** Opening Information supplied block **
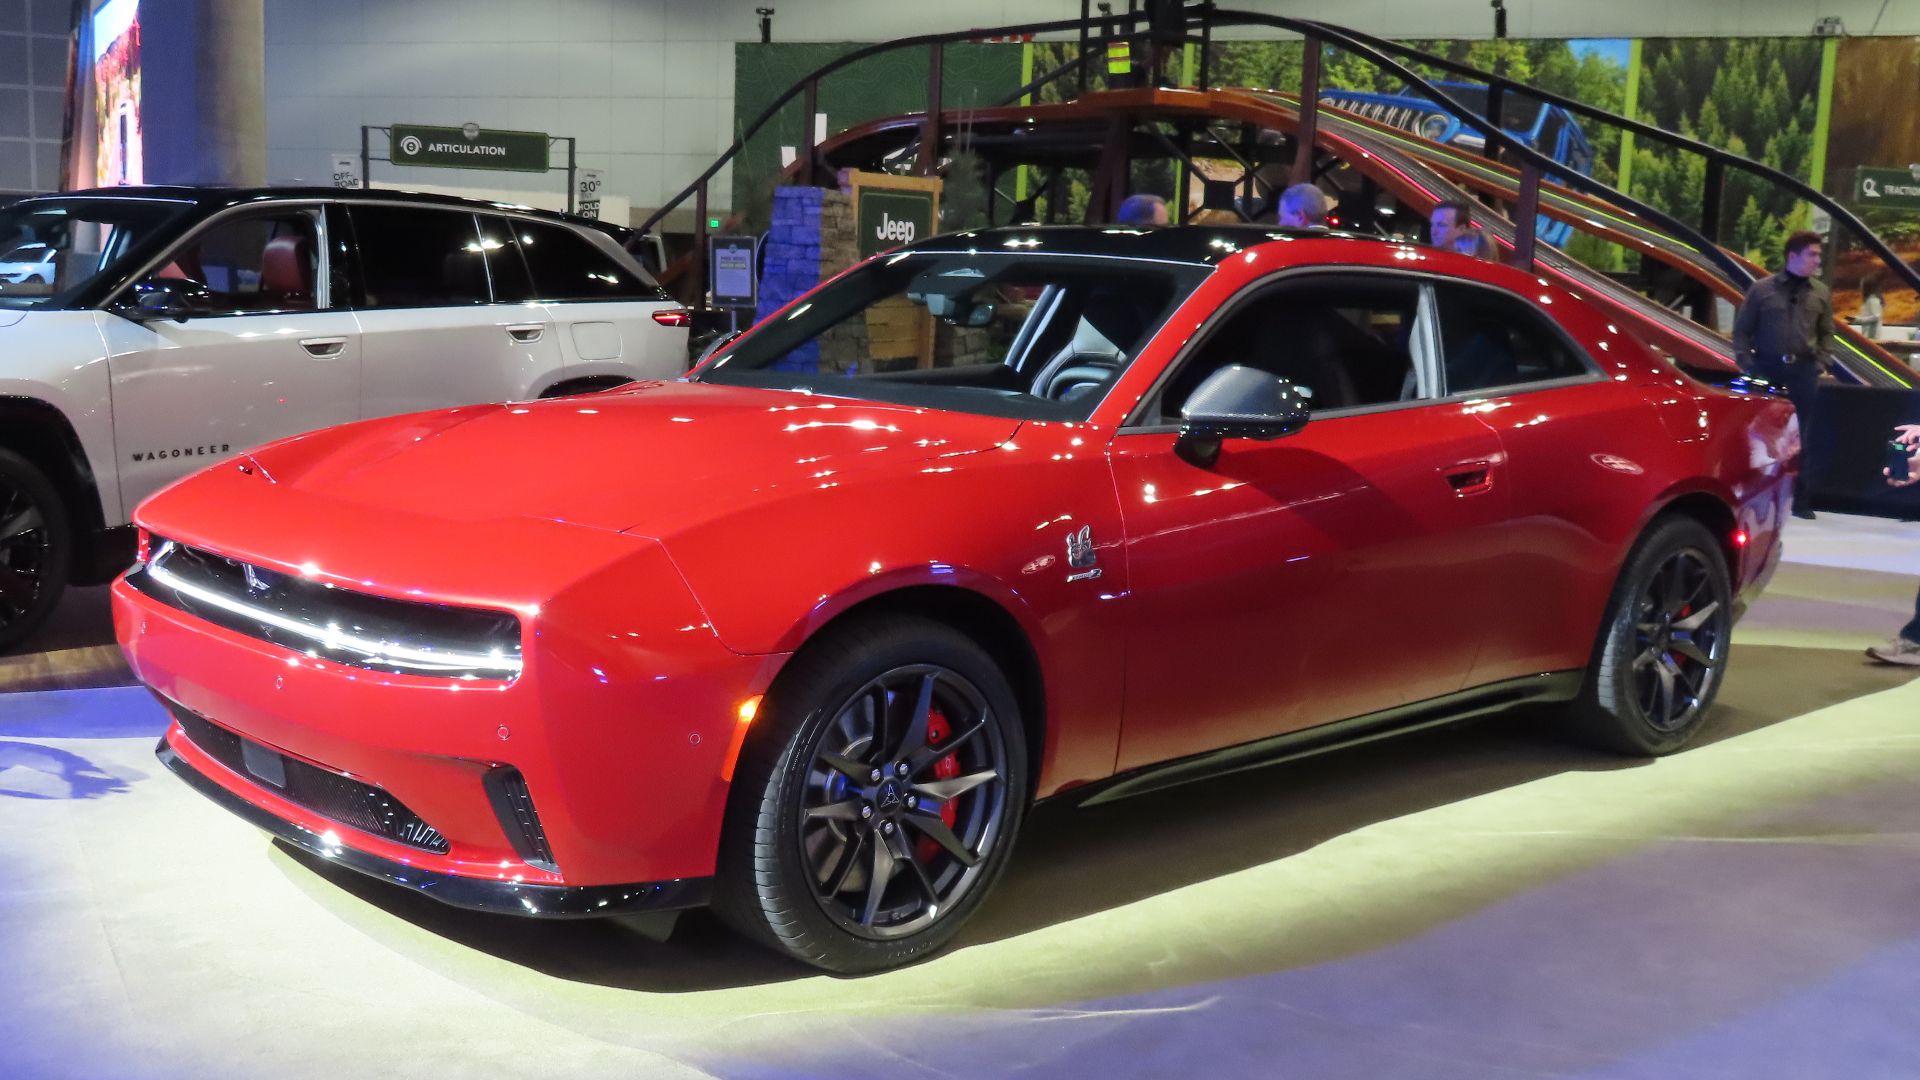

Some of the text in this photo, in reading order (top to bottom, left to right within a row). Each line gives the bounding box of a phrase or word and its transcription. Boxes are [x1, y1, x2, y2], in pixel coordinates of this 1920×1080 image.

[428, 143, 506, 156] ARTICULATION
[877, 213, 915, 245] Jeep
[133, 444, 229, 462] WAGONEER
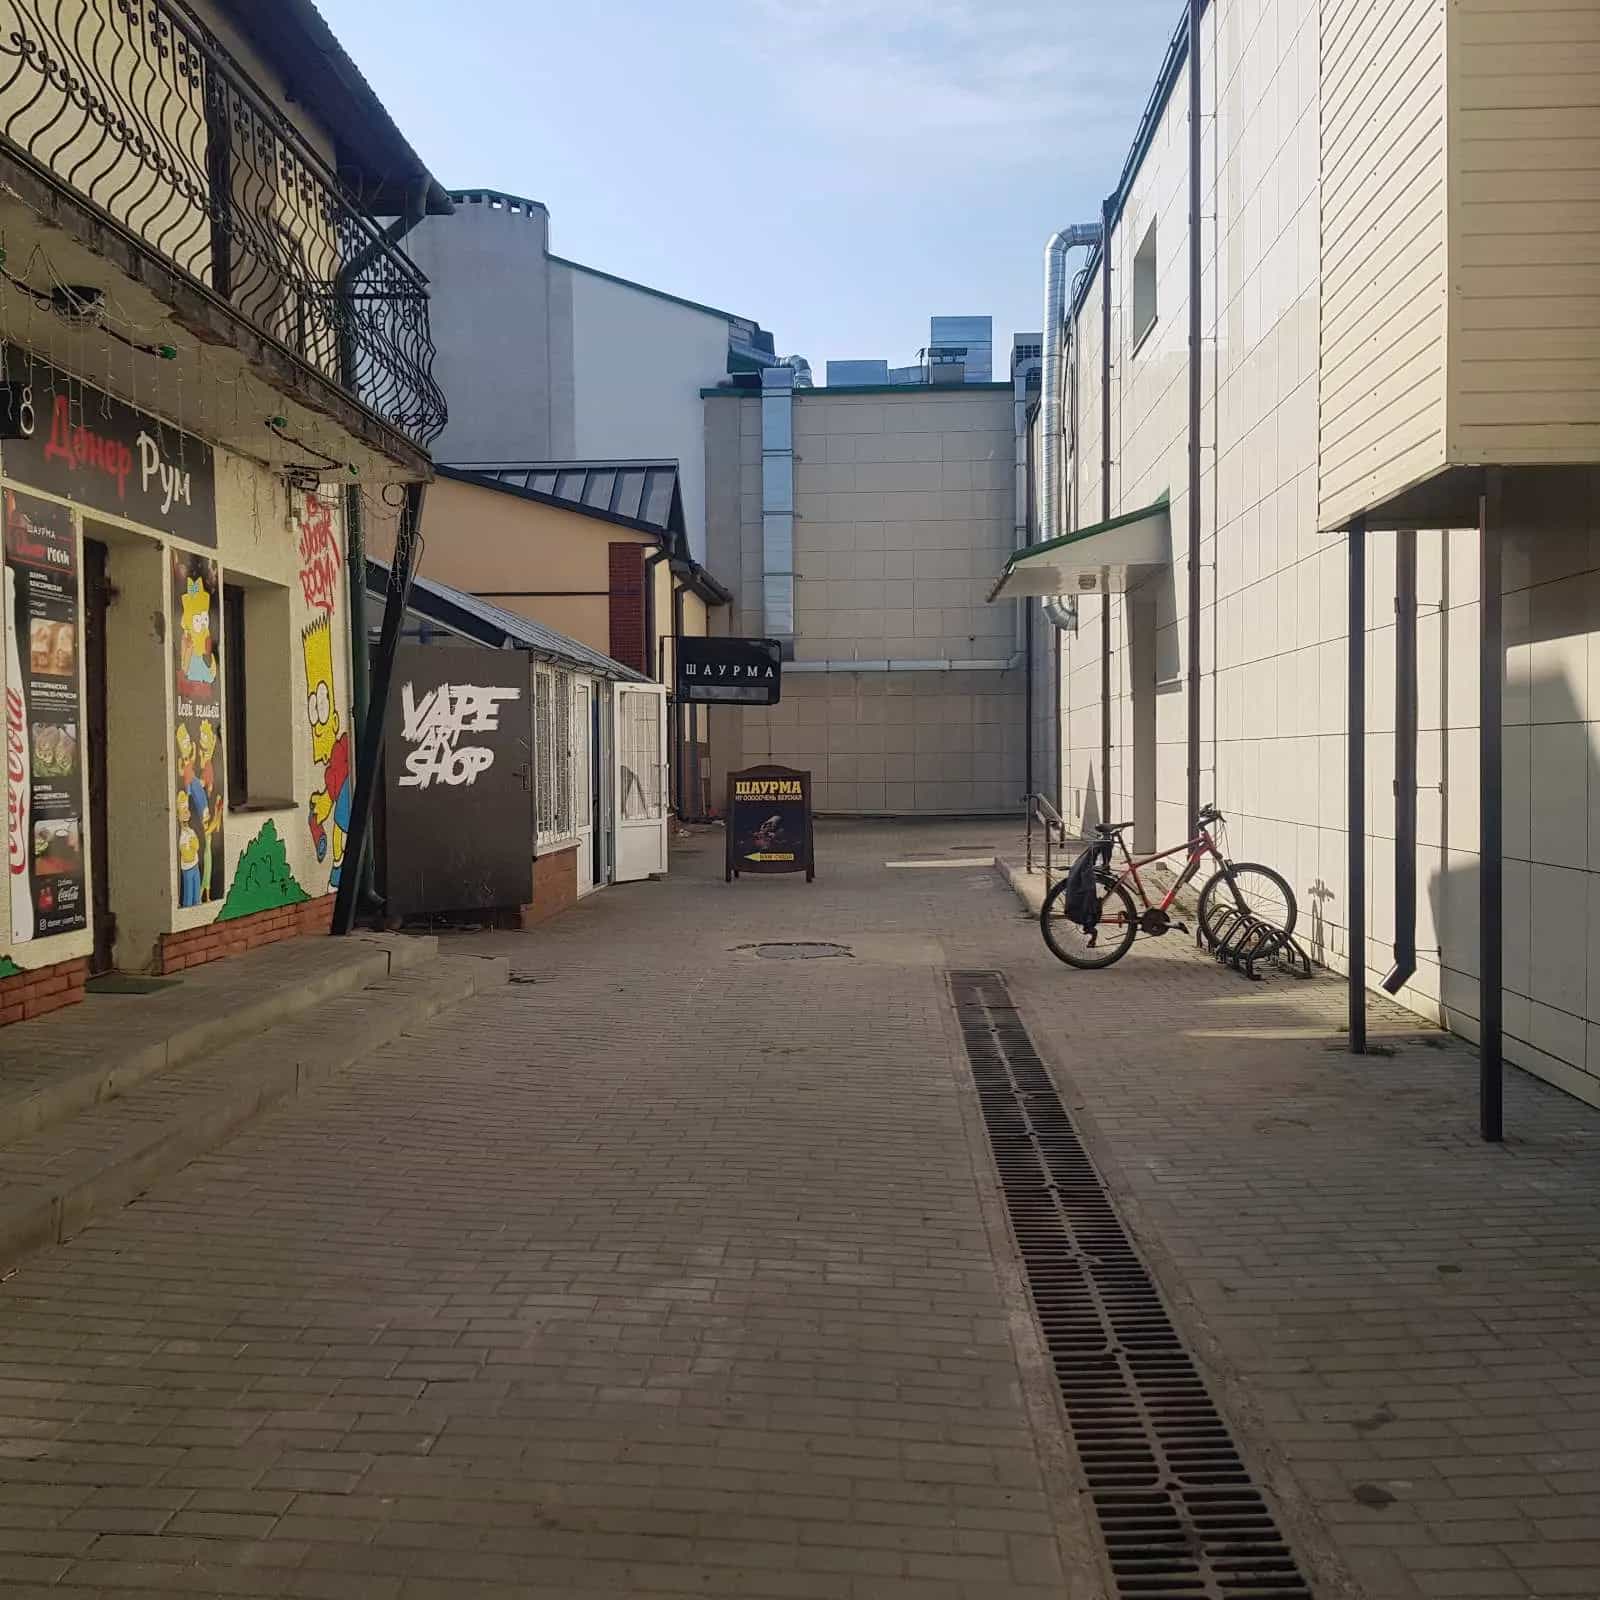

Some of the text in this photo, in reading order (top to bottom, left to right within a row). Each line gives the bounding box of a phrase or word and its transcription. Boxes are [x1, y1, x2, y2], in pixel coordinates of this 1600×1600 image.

[43, 395, 191, 515] Донер Рум
[685, 662, 775, 678] ШАУРМА
[401, 680, 520, 742] VAPE
[415, 725, 461, 757] ART
[398, 746, 495, 790] SHOP
[735, 780, 802, 795] ШАУРМА
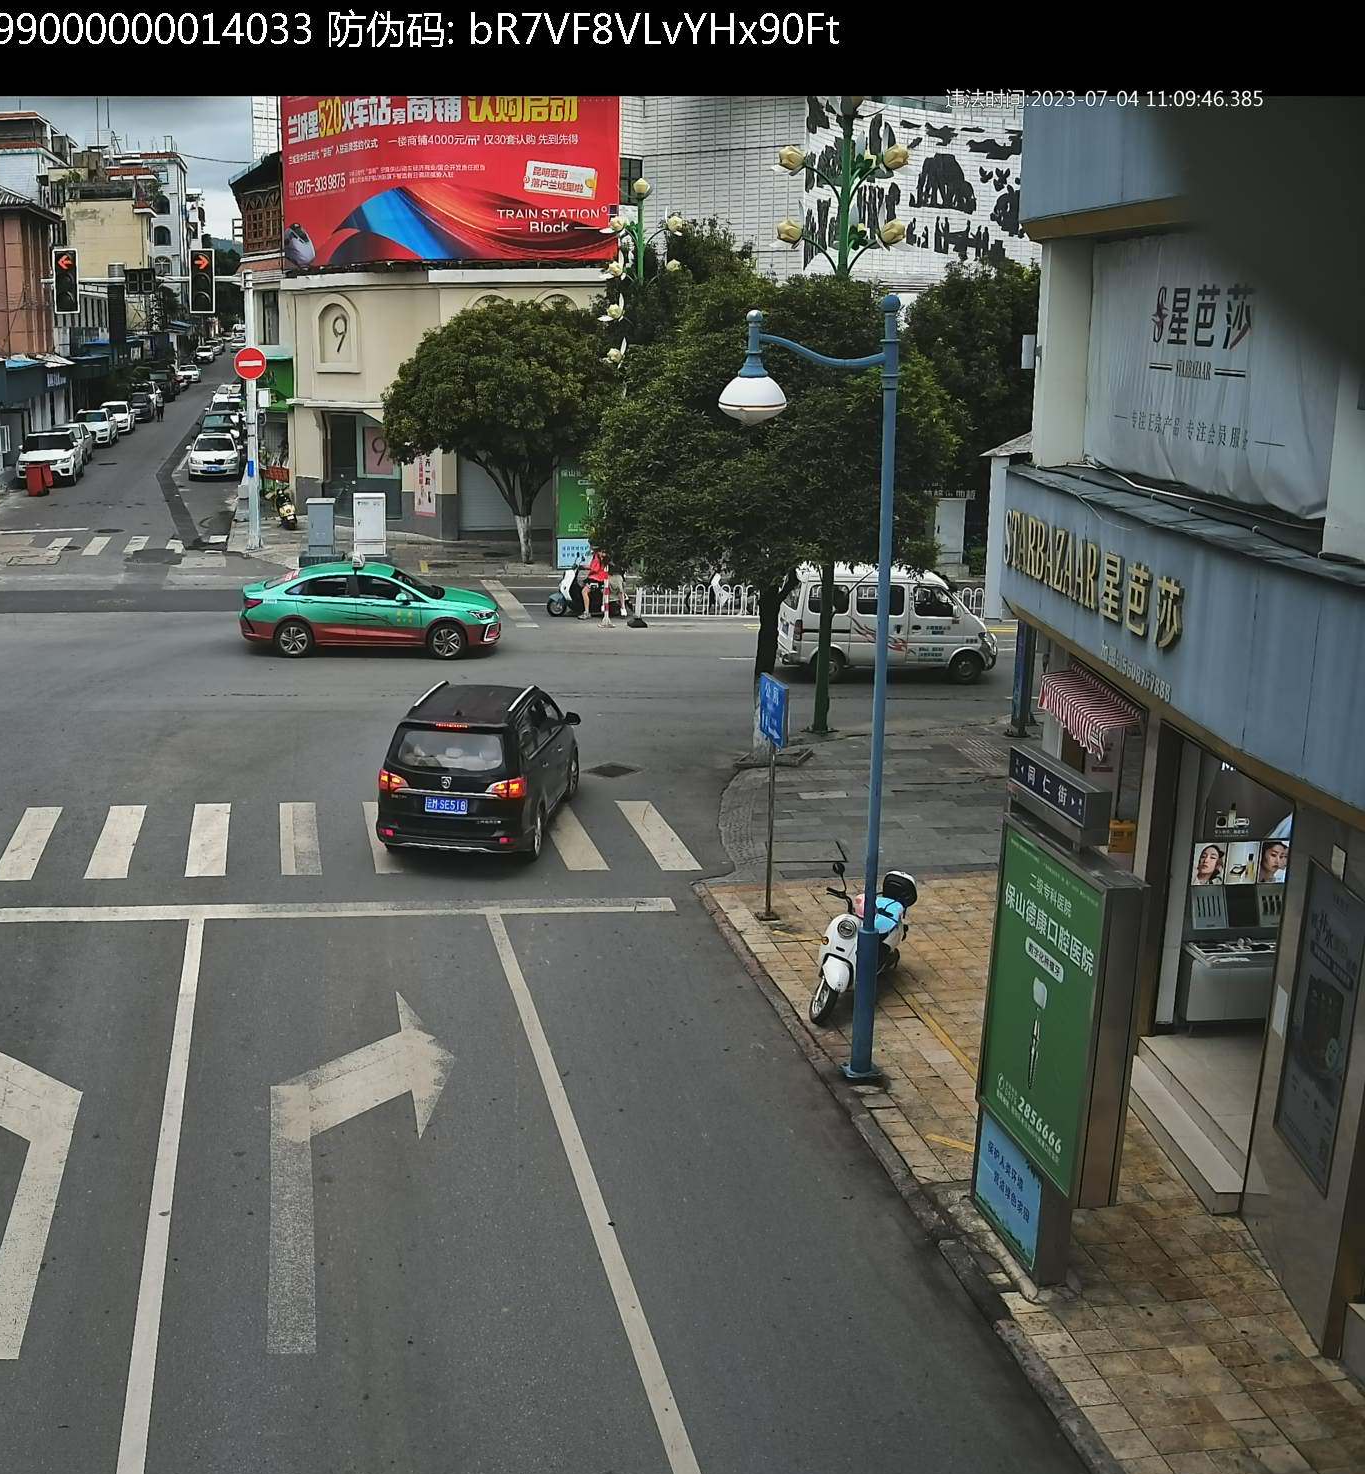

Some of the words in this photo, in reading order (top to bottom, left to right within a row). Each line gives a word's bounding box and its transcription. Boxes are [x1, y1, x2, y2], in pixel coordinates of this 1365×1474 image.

[538, 133, 579, 146] 先到先得
[497, 209, 538, 219] TRAIN
[541, 209, 600, 219] STATION
[529, 221, 569, 233] Block
[1166, 283, 1257, 350] 星芭莎
[1003, 508, 1101, 611] STARBAZAAR
[1100, 550, 1185, 649] 星芭莎
[1027, 764, 1068, 807] 同仁街
[1029, 873, 1073, 918] 二级专科医院
[1004, 881, 1095, 977] 保山德康口腔医院
[1017, 1096, 1062, 1154] 2856666
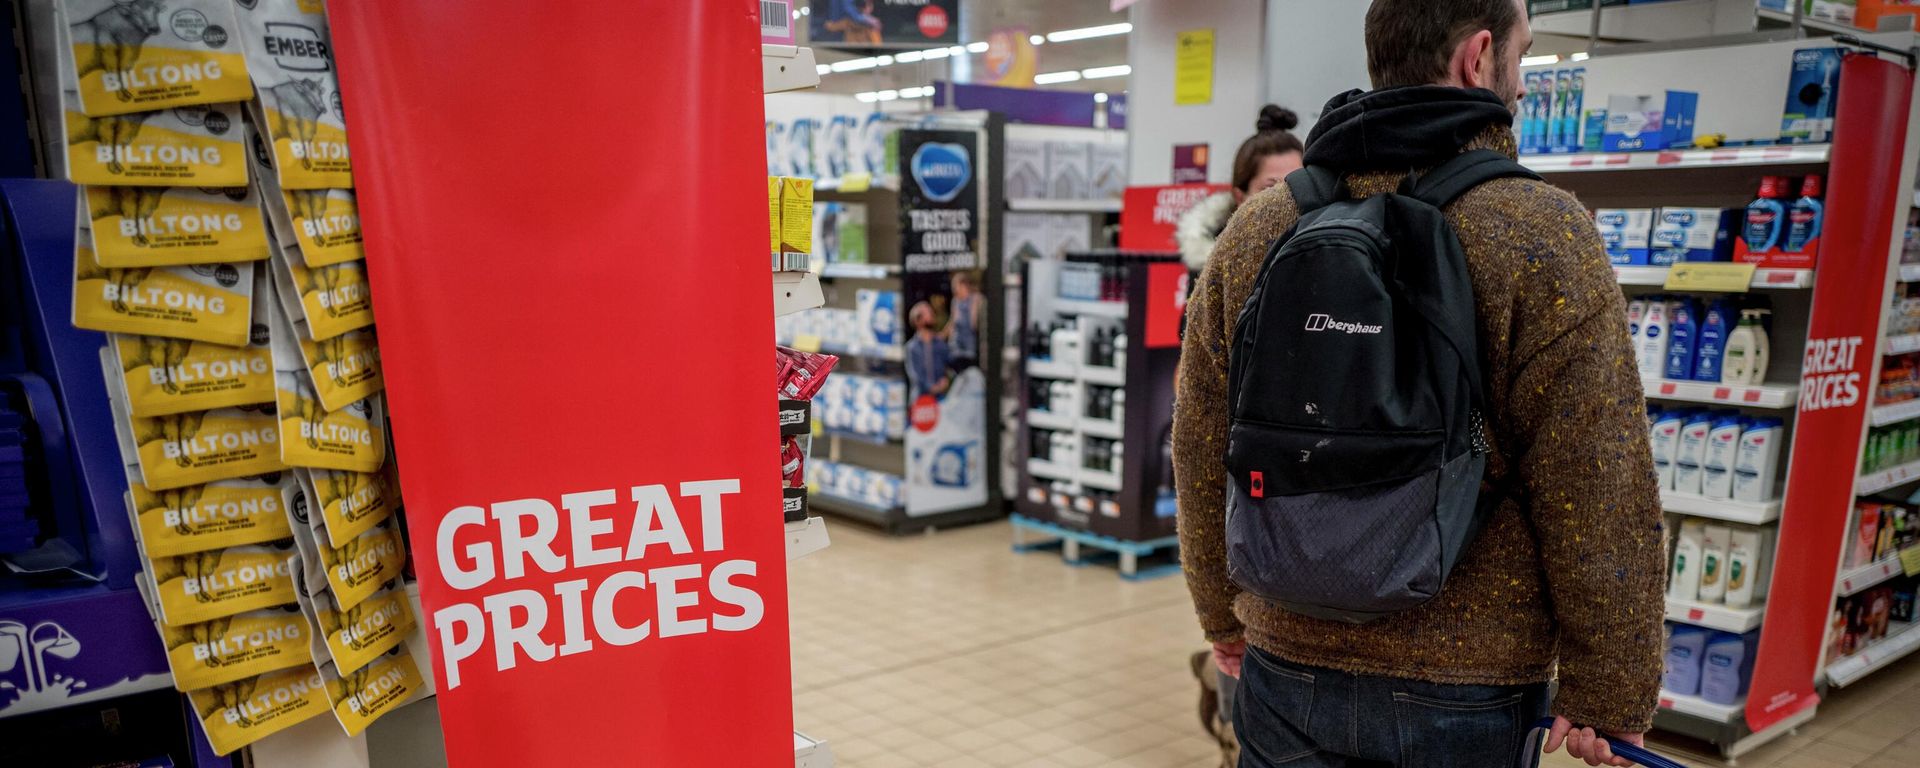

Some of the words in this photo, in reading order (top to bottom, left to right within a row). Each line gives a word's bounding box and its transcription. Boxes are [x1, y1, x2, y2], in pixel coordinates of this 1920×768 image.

[264, 36, 329, 60] EMBER
[101, 60, 222, 92] BILTONG
[96, 144, 221, 164] BILTONG
[119, 213, 242, 236] BILTONG
[103, 284, 225, 314] BILTONG
[1328, 318, 1382, 334] berghaus
[150, 358, 268, 384] BILTONG
[164, 428, 276, 458] BILTONG
[300, 422, 371, 444] BILTONG
[164, 496, 278, 527] BILTONG
[435, 478, 740, 590] GREAT
[338, 540, 395, 582] BILTONG
[183, 560, 290, 595] BILTONG
[340, 601, 400, 646] BILTONG
[433, 560, 765, 690] PRICES
[193, 624, 300, 661] BILTONG
[224, 674, 322, 724] BILTONG
** Closing Information supplied block **
Copy every line of the data exactly as written, excluding the pictures.

Some of the text in this photo, in reading order (top to bottom, left to right within a row). Each line gives the bounding box of a phrase or word and its transcription. Boxes are [x1, y1, x2, y2], in pixel coordinates of this 1920×1080 image.

[428, 143, 506, 156] ARTICULATION
[877, 213, 915, 245] Jeep
[133, 444, 229, 462] WAGONEER

Some of the text in this photo, in reading order (top to bottom, left to right within a row). Each line gives the bounding box of a phrase or word and its transcription. Boxes are [x1, y1, x2, y2], in pixel coordinates of this 1600×1600 image.

[43, 395, 191, 515] Донер Рум
[685, 662, 775, 678] ШАУРМА
[401, 680, 520, 742] VAPE
[415, 725, 461, 757] ART
[398, 746, 495, 790] SHOP
[735, 780, 802, 795] ШАУРМА

Some of the words in this photo, in reading order (top to bottom, left to right within a row). Each line gives a word's bounding box and its transcription. Boxes are [x1, y1, x2, y2], in pixel coordinates of this 1365×1474 image.

[538, 133, 579, 146] 先到先得
[497, 209, 538, 219] TRAIN
[541, 209, 600, 219] STATION
[529, 221, 569, 233] Block
[1166, 283, 1257, 350] 星芭莎
[1003, 508, 1101, 611] STARBAZAAR
[1100, 550, 1185, 649] 星芭莎
[1027, 764, 1068, 807] 同仁街
[1029, 873, 1073, 918] 二级专科医院
[1004, 881, 1095, 977] 保山德康口腔医院
[1017, 1096, 1062, 1154] 2856666

Some of the words in this photo, in reading order (top to bottom, left to right within a row). Each line gives a word's bounding box and its transcription. Boxes are [x1, y1, x2, y2], in pixel coordinates of this 1920×768 image.

[264, 36, 329, 60] EMBER
[101, 60, 222, 92] BILTONG
[96, 144, 221, 164] BILTONG
[119, 213, 242, 236] BILTONG
[103, 284, 225, 314] BILTONG
[1328, 318, 1382, 334] berghaus
[150, 358, 268, 384] BILTONG
[164, 428, 276, 458] BILTONG
[300, 422, 371, 444] BILTONG
[164, 496, 278, 527] BILTONG
[435, 478, 740, 590] GREAT
[338, 540, 395, 582] BILTONG
[183, 560, 290, 595] BILTONG
[340, 601, 400, 646] BILTONG
[433, 560, 765, 690] PRICES
[193, 624, 300, 661] BILTONG
[224, 674, 322, 724] BILTONG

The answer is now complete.